The Prodigal Child of Right-Wing Populism
Words By Alexi Barnstone
This is an opinion piece and does not reflect the opinions of the USU or the Pulp editorial staff
‘Do not go gentle into that good night / Rage, rage against the dying of the light’
The 87-page manifesto opened with a Dylan Thomas poem and a sonnenrad, an ancient European symbol that was once adopted by the Nazi’s in their push for Aryanism. It called for the purification of New Zealand. Minutes after its publication Mosques were on lockdown across Christchurch. 49 dead New Zealanders, the latest iteration of proliferating extremist right terrorism.
Trump promises to build a wall, ban flights and reassures us that there are ‘very fine people on both sides’. The President of Czechoslovakia makes headlines saying, in reference to Syrian refugees, that “We’ll be deprived of women’s beauty, because they’ll be covered from head to toe … unfaithful women will be stoned and thieves will have their hands cut off.” Marine le Pen theorizes about why Germany are actively accepting Syrian refugees. “Germany probably thinks its population is moribund, and it is probably seeking to lower wages and continue to recruit slaves through mass immigration.” Nadine Morano of France’s opposition Les Republicans puts it as bluntly as anyone. “We’re a Judeo-Christian country of white race.”
A 10% increase in anti-Semitic attacks in Germany, 74% in France. 11 Jews gunned down in Pittsburg. Now 49 Muslims in Christchurch.
Right-wing terrorism is the prodigal son of the rhetoric espoused by right-wing populists.

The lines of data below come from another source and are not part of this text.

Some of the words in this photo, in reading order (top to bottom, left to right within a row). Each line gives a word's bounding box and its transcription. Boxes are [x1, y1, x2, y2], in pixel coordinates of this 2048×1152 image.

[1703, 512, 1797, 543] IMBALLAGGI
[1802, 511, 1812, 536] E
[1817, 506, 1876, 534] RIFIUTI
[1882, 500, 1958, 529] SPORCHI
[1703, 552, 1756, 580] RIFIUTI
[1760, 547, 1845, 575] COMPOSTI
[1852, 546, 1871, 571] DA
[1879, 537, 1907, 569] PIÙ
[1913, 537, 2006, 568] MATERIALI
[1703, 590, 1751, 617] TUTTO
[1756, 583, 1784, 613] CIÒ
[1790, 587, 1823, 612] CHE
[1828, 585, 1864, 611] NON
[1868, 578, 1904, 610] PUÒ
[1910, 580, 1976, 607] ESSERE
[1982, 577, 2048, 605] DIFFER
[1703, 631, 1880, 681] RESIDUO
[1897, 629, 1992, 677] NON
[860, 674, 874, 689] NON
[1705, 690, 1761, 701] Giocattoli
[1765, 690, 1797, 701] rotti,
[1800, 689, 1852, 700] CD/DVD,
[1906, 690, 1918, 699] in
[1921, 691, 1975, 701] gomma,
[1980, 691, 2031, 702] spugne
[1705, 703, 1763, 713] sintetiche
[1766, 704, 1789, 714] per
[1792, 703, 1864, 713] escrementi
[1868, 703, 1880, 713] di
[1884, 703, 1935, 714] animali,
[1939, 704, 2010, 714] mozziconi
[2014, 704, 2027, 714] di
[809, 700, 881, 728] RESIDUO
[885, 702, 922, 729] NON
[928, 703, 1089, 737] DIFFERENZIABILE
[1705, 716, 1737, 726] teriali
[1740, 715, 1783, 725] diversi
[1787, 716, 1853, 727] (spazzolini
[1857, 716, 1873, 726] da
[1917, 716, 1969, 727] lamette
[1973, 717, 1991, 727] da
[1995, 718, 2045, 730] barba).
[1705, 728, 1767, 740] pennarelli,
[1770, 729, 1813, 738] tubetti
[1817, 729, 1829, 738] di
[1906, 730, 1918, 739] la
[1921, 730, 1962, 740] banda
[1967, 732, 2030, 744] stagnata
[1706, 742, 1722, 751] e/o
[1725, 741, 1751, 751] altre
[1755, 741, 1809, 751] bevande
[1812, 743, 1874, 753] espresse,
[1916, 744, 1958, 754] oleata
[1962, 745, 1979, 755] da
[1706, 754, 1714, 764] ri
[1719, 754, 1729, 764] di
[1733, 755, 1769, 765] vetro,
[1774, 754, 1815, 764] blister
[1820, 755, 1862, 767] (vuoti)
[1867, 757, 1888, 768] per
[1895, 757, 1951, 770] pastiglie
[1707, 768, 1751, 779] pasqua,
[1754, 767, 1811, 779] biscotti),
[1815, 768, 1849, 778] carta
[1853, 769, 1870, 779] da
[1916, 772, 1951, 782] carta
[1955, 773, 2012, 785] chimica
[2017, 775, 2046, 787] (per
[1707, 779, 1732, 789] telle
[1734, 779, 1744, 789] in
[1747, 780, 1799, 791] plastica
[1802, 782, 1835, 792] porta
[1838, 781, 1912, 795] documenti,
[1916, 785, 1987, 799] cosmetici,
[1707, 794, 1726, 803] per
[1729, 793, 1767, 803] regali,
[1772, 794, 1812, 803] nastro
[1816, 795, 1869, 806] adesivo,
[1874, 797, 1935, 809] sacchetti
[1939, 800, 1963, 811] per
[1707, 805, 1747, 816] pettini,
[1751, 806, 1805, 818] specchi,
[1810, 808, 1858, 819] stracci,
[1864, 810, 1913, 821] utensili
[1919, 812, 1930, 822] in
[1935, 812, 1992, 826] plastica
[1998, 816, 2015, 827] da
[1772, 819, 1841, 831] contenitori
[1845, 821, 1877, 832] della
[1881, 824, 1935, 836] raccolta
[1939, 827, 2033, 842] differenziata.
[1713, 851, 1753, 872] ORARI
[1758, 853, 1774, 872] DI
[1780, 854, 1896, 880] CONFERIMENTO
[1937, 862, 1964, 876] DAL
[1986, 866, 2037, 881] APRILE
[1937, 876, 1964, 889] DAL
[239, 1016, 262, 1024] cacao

In some places the correlation between the right and its alt is opaque, in others it is transparent. Macron may run France, but Le Pen flirted with the presidency. The National Rally had 10 million votes in 2017. The second most votes in the election. A terrifying reality in the light of discoveries made by Al Jazeera whom unveiled the party’s deep ties to Generation Identitaire, a far-right contingent of roughly a thousand members.
On television, Le Pen makes a point to discuss her efforts to eradicate extremism from her party. Behind closed doors members of the second most powerful political party in France toast to re-migration and a white France with known neo-Nazis at Generation Identitaire’s headquarters. A man jokes about what he would do if he caught a deadly disease and only had a few days to live. “I would take a car and drive it through as many Muslims as I could in the market place.”
Such direct links between the new populist right and extremism are not always so blatant. But you do not need to toast with a fascist to reinforce their views. Blaming immigrants for your problems will suffice.
A fact that must not be forgotten as populist right leaders rise to power across the globe. New age populists paint their revolution of the right with lilt and cadence, unabashed in their vehemence against immigrants and diversity. The rhetoric is burgeoning, and so is the violence. The new right promises their rhetoric neither condones nor is conducive to such extremism, yet the two cannot exist in isolation of the other.
Rhetoric is the kindling for sentiment. And sentiment for action. The populist right tinker, performative in their fear mongering propagations. Espousing encouragement in the eyes of radicals. They toy with kindling, threatening to light a fire while refusing to recognise its meaning. Rhetoric most reminiscent of the worst of the Weimar era, language that spurs on the extremist right terrorism we see today.